# RO filters



## Purple Platapus (Mar 4, 2015)

Hi everyone, I'm interested in getting a RO/DI unit for some delicate species, but I'm having a hard time choosing a good filter. The information online is helpful but a bit overwhelming. I'd appreciate help picking a good RO unit for beginners, if such thing exists. Any advice for someone who wants to start using RO water?


----------



## msjboy (May 2, 2011)

There are many brands but with our quality water in Vancouver, a 2 stage should do the trick ( some go up to 5 or more stages with DI resin as well). Try J&L aquatics in Burnaby, which sell ones for saltwater people..cheapest 2 stage start at around $150.00. Alternatively, find ones on craigslist , etc.


----------



## WilliamBowman (Jan 14, 2020)

I was looking for a good RO/DI so I decided to get LiquaGen 5-Stage Reverse Osmosis and Deionization.
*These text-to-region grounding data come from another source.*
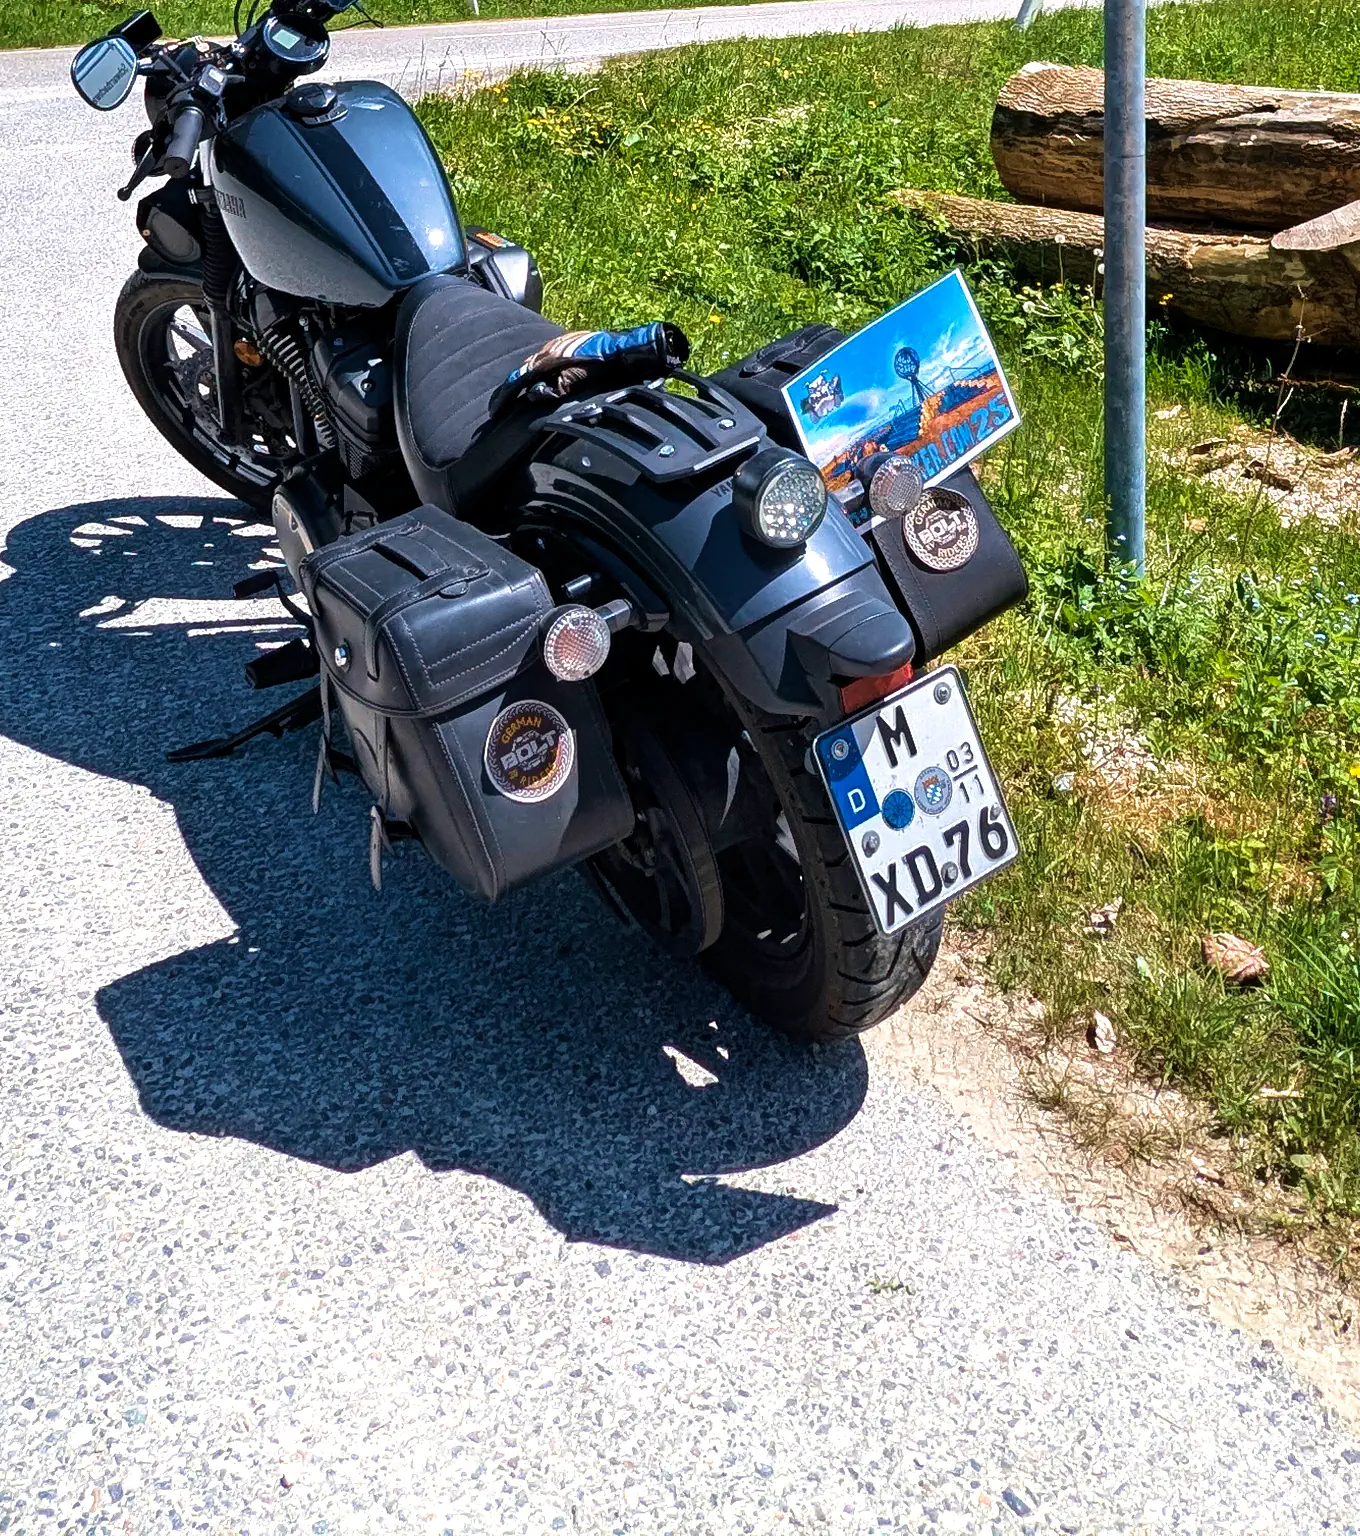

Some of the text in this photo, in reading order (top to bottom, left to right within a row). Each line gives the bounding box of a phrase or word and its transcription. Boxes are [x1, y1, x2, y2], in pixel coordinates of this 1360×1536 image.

[918, 510, 960, 545] BOLT
[938, 534, 968, 558] RIDERS
[501, 716, 542, 744] GERMAN
[876, 705, 917, 768] M
[500, 729, 556, 770] BOLT
[946, 741, 974, 771] 03
[847, 788, 866, 814] D
[959, 774, 984, 804] 11
This unit is super easy to set up. After testing with test strips the water registers 0's across the board for contaminates. Very happy, and the price was well below many other "name brands".


----------



## Dietmar (Dec 15, 2011)

Whichever unit you get, buy one like the liqagen. By that I mean that style, with the canisters. The filters, inside are changeable, 10" standard. You don't have to buy proprietary filters. 
As said, our water here in the lower mainland is very good. Last year, here in Surrey, in the spring, I was measuring about 15 PPM of dissolved particles. (TDS)
As well, when the blurb says 100 gal/day, this means in a 24 hr period. So invest in a small tank. Most co that sell filters also sell the tanks.


----------